The Vedanta, an important trend in philosophical thought, which can rightly be regarded as the culminating point of the Vedic knowledge, was revealed through the pages of the Upanishads. The spread and propagation of the post-Vedic education was influenced through diverse institutions known as Sakhas, Charanas, Parishads, Kulas and Gotras– an improvement on the oral tradition of the Vedic literature.
Aim of Education
The basic aim of education during the Later-Vedic period has been the same as during the Vedic Age- the salvation of the soul, but the method of attaining this goal has been different between the two periods.
During the Vedic period the student used to attain the objective of education through penance (tapsya) while living with Acharya as member of his family. During the post-Vedic period, Yajna replaced the penance and a number of procedures were prescribed for the same.
Only that education was regarded true, which helped one to realize this supreme truth. The Upanayan
Sanskar ceremony was so important during the Post-Vedic period that it was usually regarded a second birth of the individual.
In addition to religious subject, many worldly subjects were also included in the curriculum. The curriculum consisted of Vedas, History, Puranas, Grammar, mathematics, Brahma Vidya, Nirukti, astronomy, dance, music etc.

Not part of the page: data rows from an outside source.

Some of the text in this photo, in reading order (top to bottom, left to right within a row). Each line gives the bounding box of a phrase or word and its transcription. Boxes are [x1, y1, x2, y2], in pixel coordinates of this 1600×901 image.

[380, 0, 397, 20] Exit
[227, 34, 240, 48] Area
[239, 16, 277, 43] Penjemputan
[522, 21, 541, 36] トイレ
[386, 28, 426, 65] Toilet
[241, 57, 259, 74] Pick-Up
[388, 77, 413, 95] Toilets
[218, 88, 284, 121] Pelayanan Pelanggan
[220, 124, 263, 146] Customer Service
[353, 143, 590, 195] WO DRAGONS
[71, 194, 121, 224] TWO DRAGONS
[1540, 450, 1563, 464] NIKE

Its aim was the attainment of Brahmavarchasa i.e. knowledge of the Absolute. The performance of sacrifice and other ritualistic operations were directed to the same end, but special emphasis was laid on the study of the Scriptures, technically known as Svadhyaya or Self- study.
Method of Instruction
Hearing, thinking and meditation were the three principal psychological methods of instruction during the post- Vedic period. Also question-answer system was followed in the Upanishad literature, through this difficult and abstract ideas were made simple.
Duties of Students and Teachers
Students had to beg alms for the support of the Guru and himself. This tradition was carried out by all, be poor or rich. Simple living and high thinking was the motto of his life.

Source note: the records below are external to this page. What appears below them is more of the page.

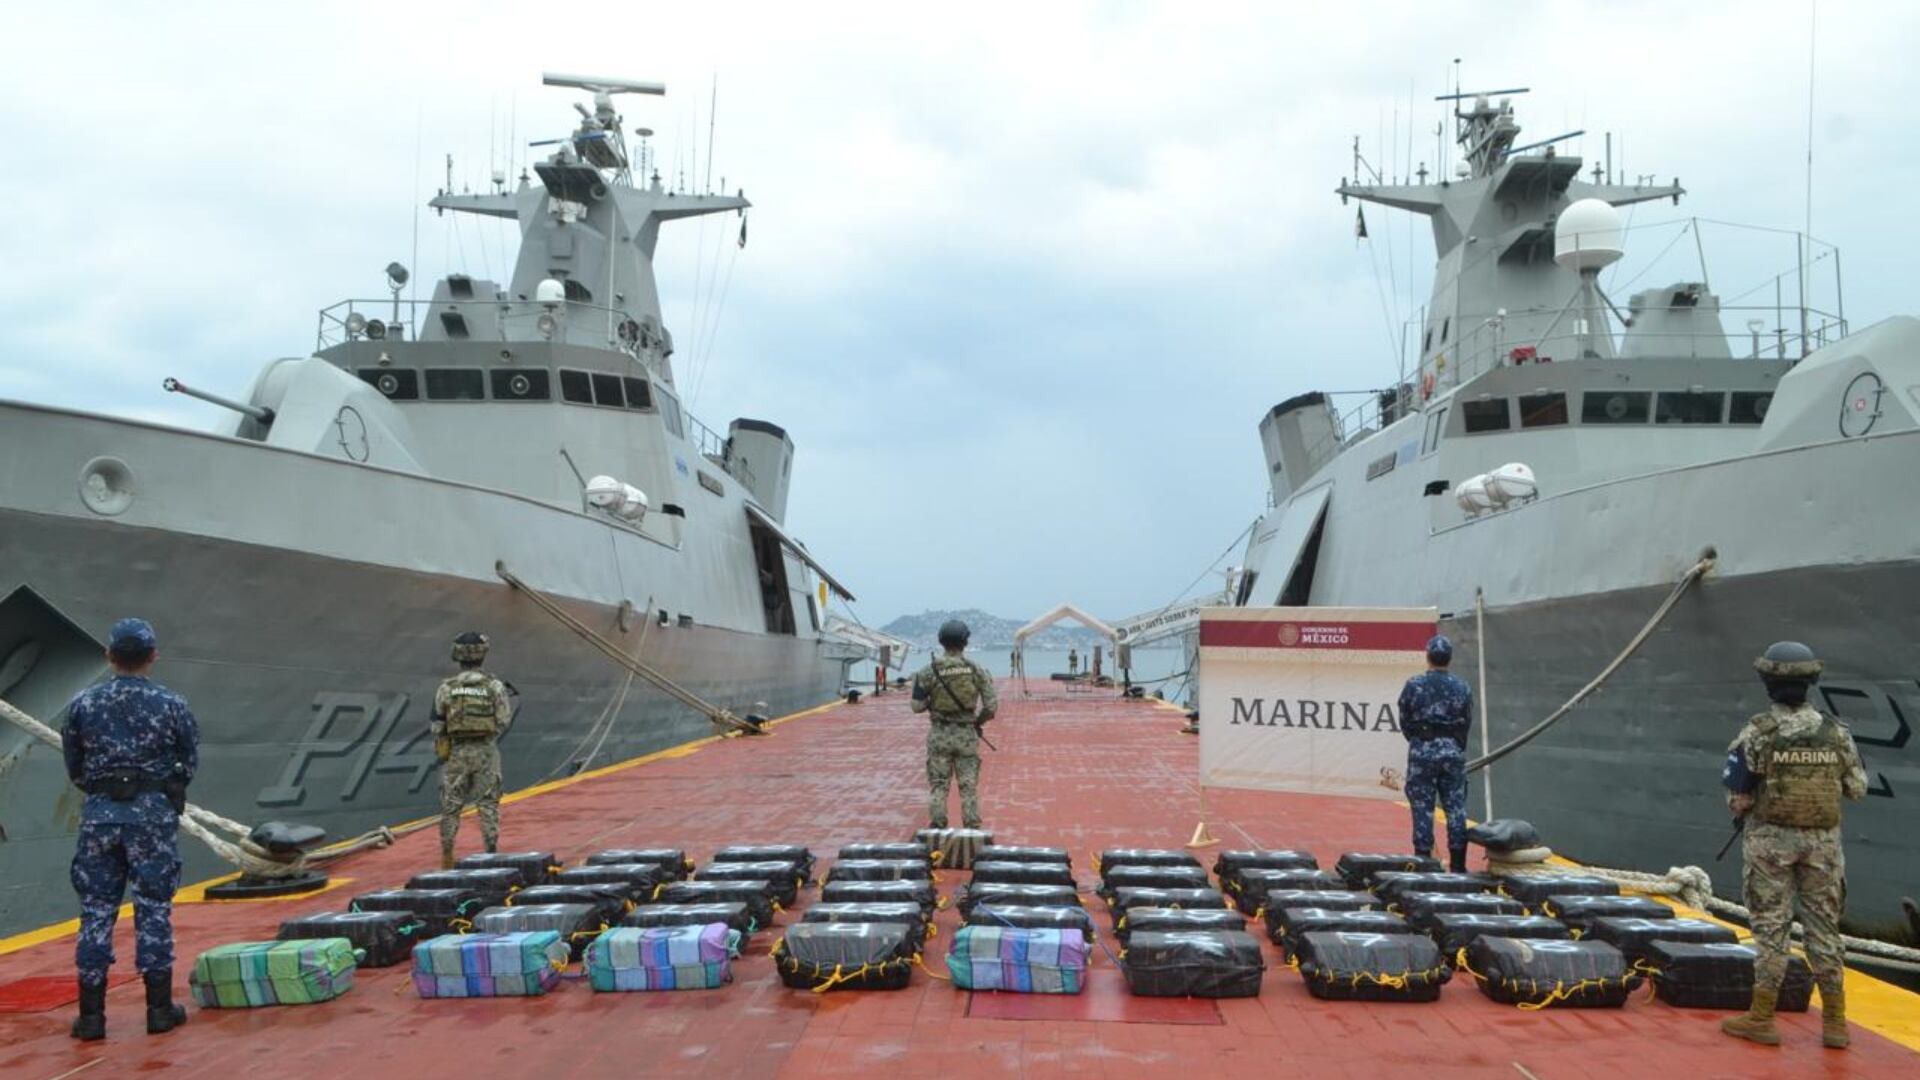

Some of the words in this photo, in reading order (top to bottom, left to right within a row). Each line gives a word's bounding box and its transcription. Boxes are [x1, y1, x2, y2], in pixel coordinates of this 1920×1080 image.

[1302, 632, 1349, 644] MÉXICO
[451, 687, 488, 696] MARINA
[1230, 697, 1401, 733] MARINA
[1815, 680, 1920, 798] P
[256, 691, 521, 807] P14
[1773, 750, 1839, 764] MARINA
[1418, 892, 1504, 903] 26
[305, 911, 384, 921] 10
[1142, 907, 1226, 922] 15
[1302, 908, 1388, 921] 16
[828, 923, 871, 938] 4
[1521, 938, 1579, 953] 8

At the completion of their educational period, the teachers would deliver convocational address to the students, which sought to remind them of the duties in practical life they stood at the threshold of. this was the Samavartana ceremony. These final addresses of the teachers of ancient India can be compared to the Convocation Address of modern Universities.
Forms of Educational Institutions: Broadly there existed three types of institutions namely Gurukulas, Parishads(Academies) and Sammelans (Conferences) in that age.

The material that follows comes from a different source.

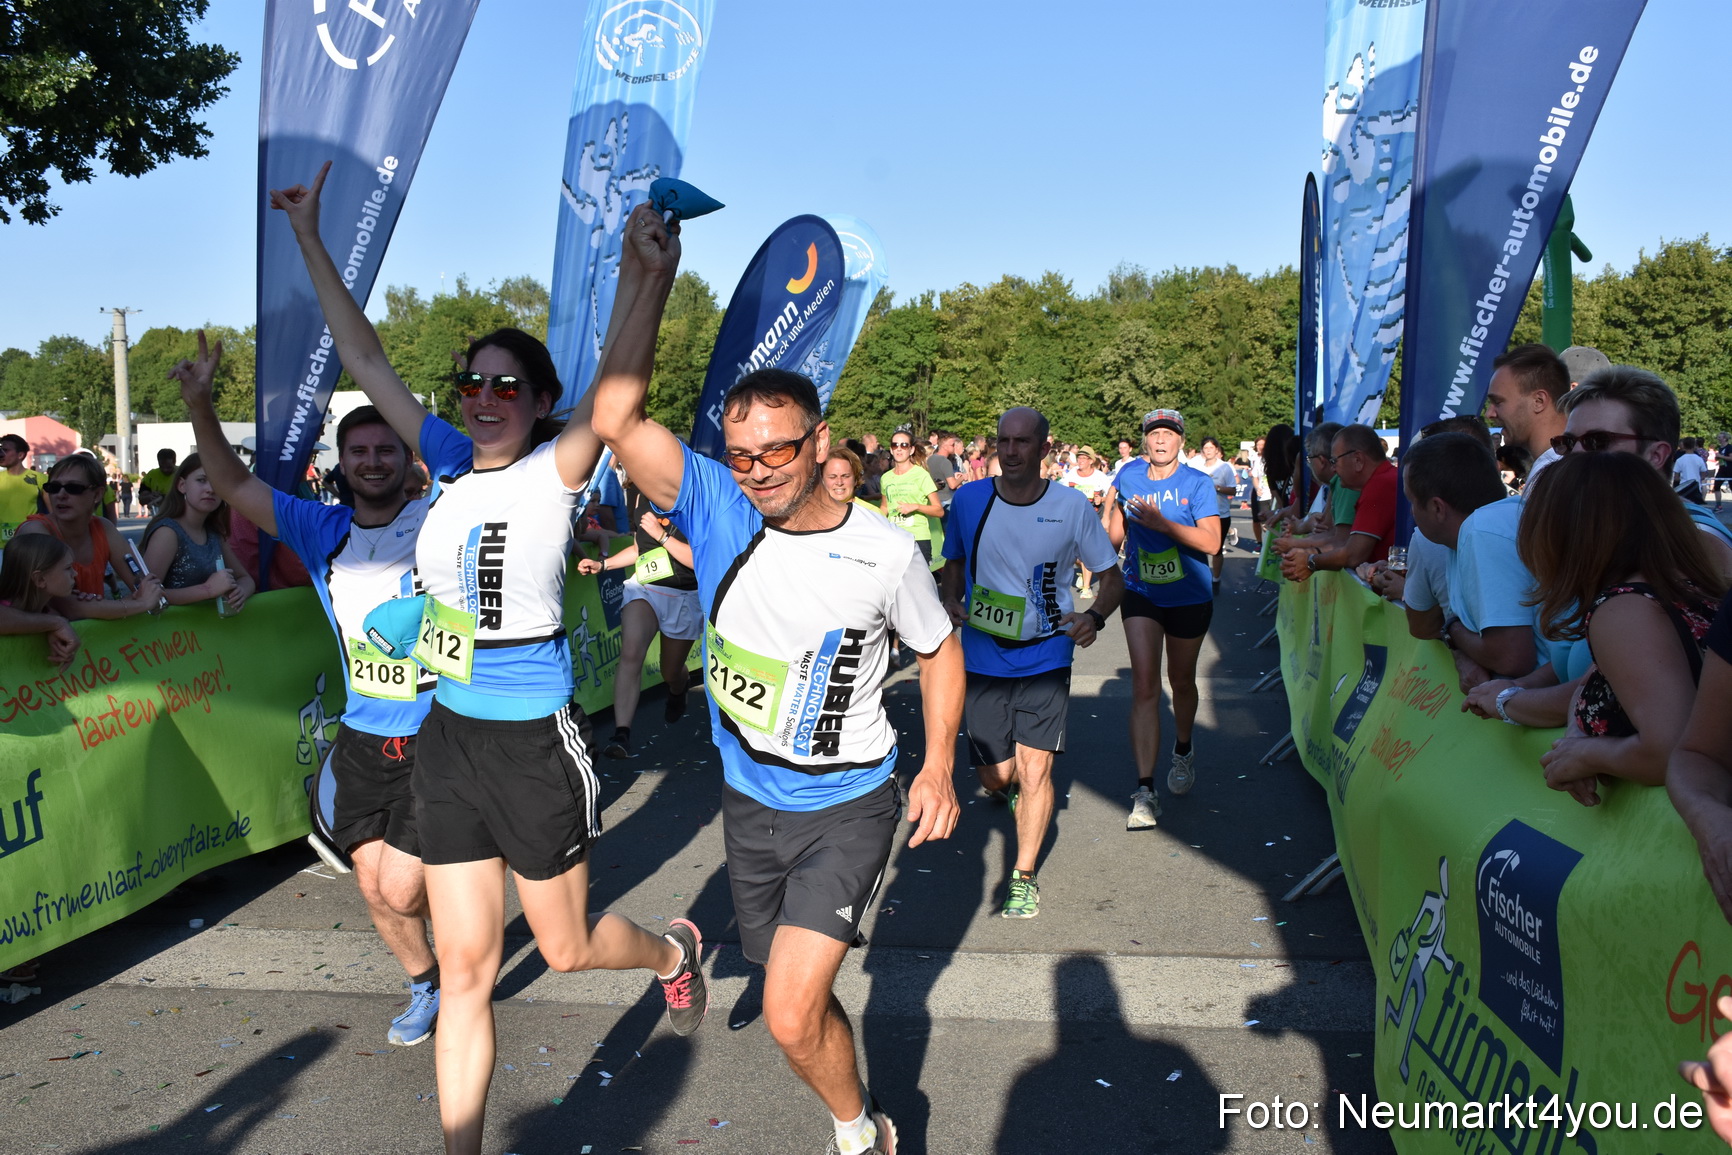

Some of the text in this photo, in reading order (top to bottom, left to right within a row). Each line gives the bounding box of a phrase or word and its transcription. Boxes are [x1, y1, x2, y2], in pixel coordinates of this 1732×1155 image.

During the Vedic period one could choose a particular profession as he liked and accordingly his Varna was determined. But during the later Vedic period Varna came to be determined by birth. Consequently the whole society was divided into four Varna- Brahman, Kshatriya, Vaishya
and Shudra. Secular education was prescribed for all these Varnas or castes according to the requirements of their respective duties they had to perform in life towards the society.
The main duties of the Brahmans were studying and teaching of the Vedas, performance of the Yajna for themselves as well as for others, receiving and giving gifts.
The sphere of duties appropriate to the Kshatriyas was limited only to defense, protection of people and administration. Military training (Dhanurveda) was thus important for the princes.
As regards the Vaishyas, agriculture and animal husbandry and trade was their chief occupation, and as such they were given technical education of agriculture, animal husbandry and trade.
There was no provision of higher education for the Shudras. To serve was their occupation. They learnt devajana Vidya, which according to Shamkara, included dancing, vocal music, orchestral music and dyeing of clothes.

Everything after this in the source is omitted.